Hartley smiles, relieved. "I need to think about it some, maybe discuss hypotheticals?"

"We could also do a sort of trial where we spend one week living together in your place and one week living together at mine?" Cisco grinned impishly. "Make a whole scientific venture out of it?"

"I like the way you think." Hartley kissed Cisco lightly on the lips and Cisco chased that kiss with something involving a bit more teeth that had Hartley letting out a startled moan. "Can we table this discussion for later? I think I'd like to take you to bed now."

"Sounds good to me."


Notes:

This story was basically the culmination of a lot of things. Awkward timing, for starters. Feb. 17-23 was Aromantic Awareness Week and, for those who don't know, aromantics (like myself) are people who don't experience romantic attraction. So while I do enjoy soulmate fics (the world building is always so much fun) and obviously aren't particularly romance-repulsed, it's really odd to go from Aro Awareness week straight into a soulmate fic prompt because of how inherently amatanormative soulmate AUs are. (Yes, there can be 'platonic' soulmates, but that doesn't actually address the problem.)

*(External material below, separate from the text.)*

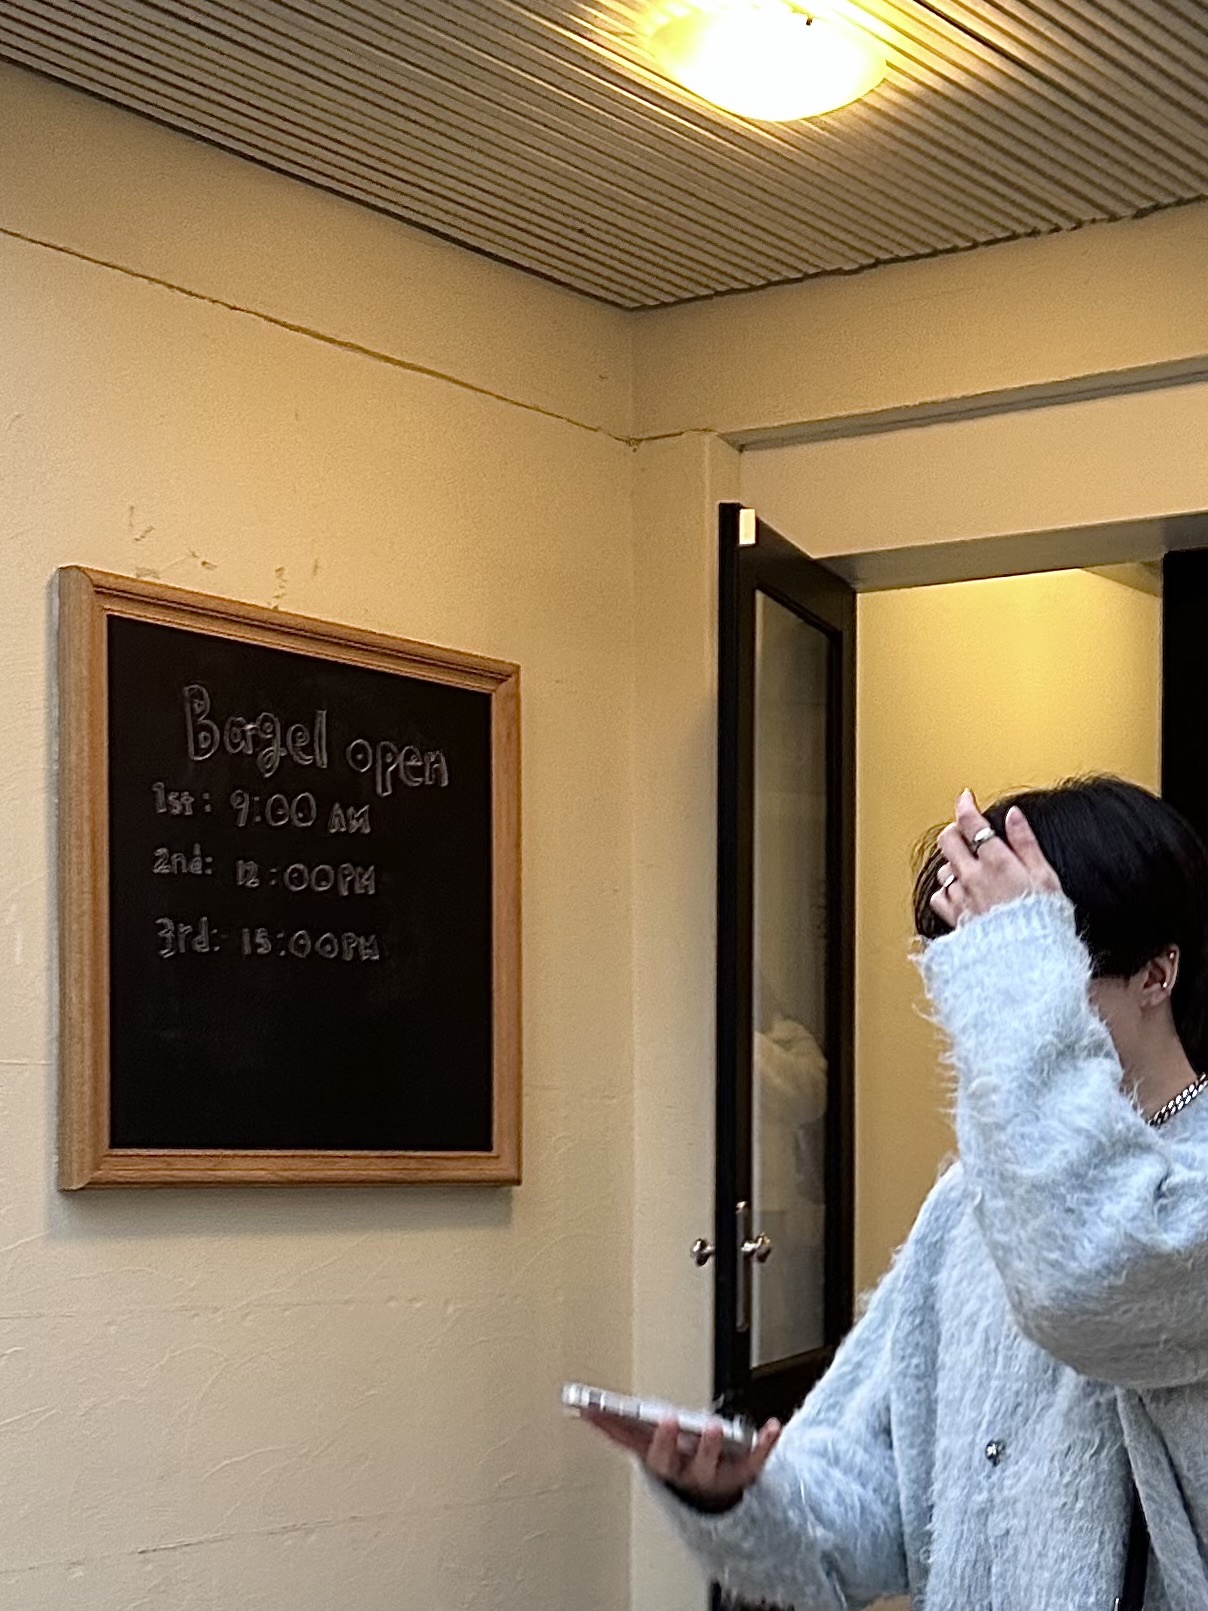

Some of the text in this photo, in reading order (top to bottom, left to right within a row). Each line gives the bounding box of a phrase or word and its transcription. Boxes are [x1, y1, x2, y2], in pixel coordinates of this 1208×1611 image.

[183, 683, 449, 797] Bagel open
[230, 789, 317, 828] 9:00
[328, 802, 372, 834] AM
[242, 927, 380, 962] 15:00PM

But also that the show seems to be setting up Cisco to leave the team permanently, which matches up with the rumors that Carlos Valdes is leaving the show after this season. While I'll be sad to see Cisco leave, if that's really what's coming, I wouldn't want an actor to stay in a job they want to leave just because I like their character. However... it's kind of upsetting that the writers have come up with this amatanormative/heteronormative reasoning for Cisco's eventual exit. It makes Cisco look like he's still so messed up by his break up with Cynthia that he's trying to rid himself of the thing that brought them together - his powers - and also over-reacting to how Barry's disappearance in the future negatively affected Iris and Nora's relationship. It's also incredibly insulting to the friends Cisco has now - people he loves and cares for and considers family - to have the writers make it look like he's going to throw all that away for something he doesn't even have yet. Moreover, its insulting to the character himself.

Hopefully Cisco will choose to keep his powers when he retires, stays in touch with the rest of Team Flash (even if its just implied with mentions every so often), and they'll keep the door open so that he can guest star in the future.

Anyway, with both of those in mind - and some reality subtext coloring Dante's relationship in the first part (I know someone in almost that exact situation) - I decided I wanted to write something that would deconstruct the soulmate genre to at least some degree. Though I may do a bonus soulmate story later that plays the genre straighter. (Like I said above, I do enjoy a good soulmate story.)